Campagnols terrestres: « Toutes les initiatives réalistes de lutte sont à encourager »
Organisée à l'échelle du grand Massif central, la réunion technique sur la lutte contre le campagnol terrestre a permis de faire le point sur les expérimentations en cours, le démarrage des protocoles de recherche, et les procédures d'indemnisation.
Face à l'ampleur des dégâts générés par les campagnols terrestres sur les prairies du Massif central, la profession agricole réunie autour de la Copamac-Sidam a enjoint l'État, la recherche, les fédérations de défense contre les organismes nuisibles, le Fonds de mutualisation sanitaire et environnemental (FMSE)... à se mobiliser pour non seulement assurer l'indemnisation des agriculteurs, mais aussi pour trouver des moyens de lutte efficaces et viables dans leur application. « Côté profession, nous encourageons toutes les initiatives, toutes les expérimentations qui ramènent du résultat », résume Patrick Bénézit, président de la Copamac. Depuis le 27 mai 2016, des engagements sur ce dossier ont été pris par l'État et la Région Auvergne-Rhône-Alpes. « On regrette toutefois que seule la région Auvergne-Rhône-Alpes se soit engagée à soutenir la recherche ». Le campagnol ne sévit pas que sur ce territoire...Environ dix-huit mois après le déploiement du plan d'action, qui comporte un volet expérimentation et un volet recherche (quatre pistes évaluées), une première restitution s'est tenue, vendredi dernier, à Lempdes, à la Maison de la forêt et du bois.

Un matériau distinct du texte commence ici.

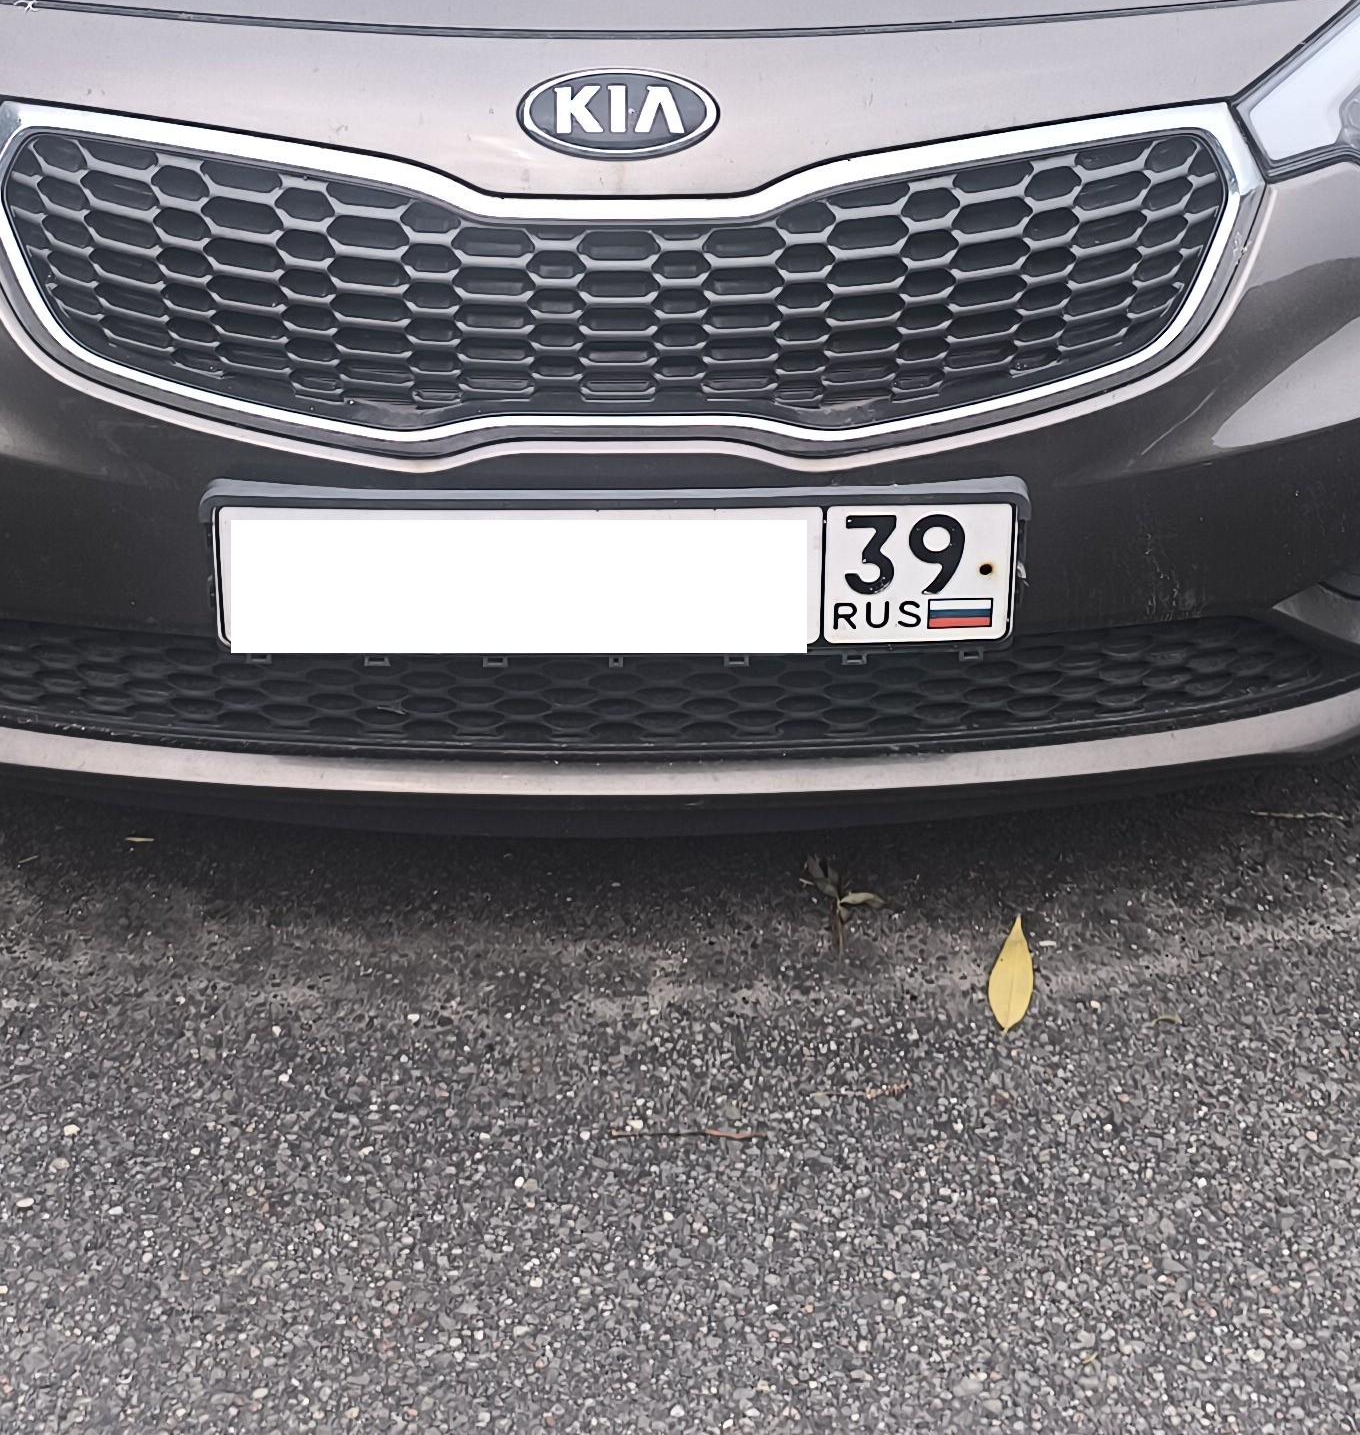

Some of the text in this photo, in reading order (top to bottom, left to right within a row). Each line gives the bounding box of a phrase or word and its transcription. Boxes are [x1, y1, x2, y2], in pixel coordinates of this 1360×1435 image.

Expérimentations : ce qui marche et ce qui marche moins
À l'automne 2016, durant l'hiver 2017, la chambre d'agriculture du Cantal et le SRAL (Service régional de l'alimentation) ont testé sur plusieurs parcelles, la glace carbonique et le tourteau de ricin¹. « Quelque soit la période d'intervention, nous n'avons pas d'efficacité notoire de la glace carbonique », a expliqué Pierre Lestrade de la Chambre du Cantal. Même verdict pour le tourteau de ricin. L'automne prochain, la chambre envisage de tester d'autres techniques comme le décompactage. Selon la technicienne de la FGDON du Puy-de-Dôme, le « décompacteur en créant des fissures d'une profondeur d'au moins 20 centimètres détruit les galeries, favorise un meilleur enracinement des plantes, et augmente la prédation ». À condition toutefois de travailler dans un sol meuble et peu empierré, ce qui est loin d'être le cas de toutes les zones infestées. « S'ils se révèlent efficaces, il ne faudra pas se priver d'intégrer les décompacteurs dans la boîte à outils des moyens de lutte », a souligné le président du Sidam, Tony Cornelissen. Concernant le piégeage, l'expérimentation menée à Volvic, financée par le CEPIV (Comité environnemental pour la protection de l'impluvium de Volvic) est encourageante.
Robotiser l'application
Les professionnels s'interrogent toutefois sur la transposition à grande échelle d'un système aussi gourmand en main d'½uvre. « Quelques soient les solutions disponibles aujourd'hui, celles qui vont l'être bientôt, celles qui seront trouvées demain par la recherche, s'il n'y a pas une mise en ½uvre de la robotisation des appâts, ce ne sera pas viable² », estime Patrick Bénézit. Sans compter que de l'efficacité du piégeage, certains en sont revenus, comme Richard Randanne, éleveur d'ovins dans le Puy-de-Dôme : « Durant deux ans, j'ai piégé. Alors certes, on arrive à nettoyer les parcelles, mais la pression des rats est telle qu'ils reviennent rapidement. Pour en éliminer davantage, je suis repassé à la bromadiolone ».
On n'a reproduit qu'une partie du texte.